Beraber otobüse bindiler. Farklı koltuklara oturdular. Bu sefer şaşırmamıştı Devrim. Artık biraz da olsa tahmin etmeye başlamıştı Akif'in davranışlarını. Ona doğru baktı. Yine bir kitap açıp okumaya başlamıştı Akif. Kendisi de romanını eline aldı. Yolda romanını okuyarak zihnini onunla meşgul edebilirdi.

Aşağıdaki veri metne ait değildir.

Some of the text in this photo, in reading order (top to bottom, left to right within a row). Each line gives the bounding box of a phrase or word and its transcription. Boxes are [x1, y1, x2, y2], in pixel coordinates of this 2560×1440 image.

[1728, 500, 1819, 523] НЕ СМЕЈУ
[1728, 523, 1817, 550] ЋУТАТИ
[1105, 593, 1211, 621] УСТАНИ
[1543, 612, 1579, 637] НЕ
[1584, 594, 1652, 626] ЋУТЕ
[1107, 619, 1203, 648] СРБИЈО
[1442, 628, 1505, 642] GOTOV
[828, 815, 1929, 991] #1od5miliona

Ama bir türlü kitabın içine giremedi. Telefonunu alıp onunla oyalanmaya devam etti. Haberler ne kadar da sıkıcıydı öyle. Hızlıca manşetlerini geçmeye başladı.

Haber okumaktan hoşlandığı söylenemezdi. Bir manşet dikkatini çekmişti.

"Müslüman olduğu düşünülen bir genç canlı bomba olup 20 kişinin hayatını kaybetmesine sebep oldu!"

Bu haber de neydi böyle? Hemen açıp içeriğini okumaya başladı. Bir okulun yanındaki parkta özellikle anne ve çocukların yaralandığı bir terördü bu. Sebep olan bir müslüman. Kıyafetlerinden ve sakalından müslüman olduğuna kanıt getirmişlerdi. Tüm bedenini elektrik çarpmış gibi irkildi. Hain teröristler! dedi.

Devrim çok  sinirlenmişti. Nasıl bir din böyle? Ona inananları birer terörist yapıyordu! Aklı almıyordu.
Akif'in ayağa kalktığını gördü. İnecekleri yere gelmişlerdi bile. Hışımla ayağa kalktı. Otobüsten indi.

Akif yine neye kızdığını anlayamaya çalışıyordu. Sorup sormama konusunda tereddütte iken Devrim zaten açmıştı ağzını.

- Hain teröristler!! Pis caniler! Nasıl masumlara kıyabiliyorsunuz? Sizin vicdanınız yok mu? Niçin hep kan istiyorsunuz?

Devrimin bağırışları bitmek bilmiyordu. Elinden gelse Akif'i boğacaktı. Nefretle bakıyordu gözleri.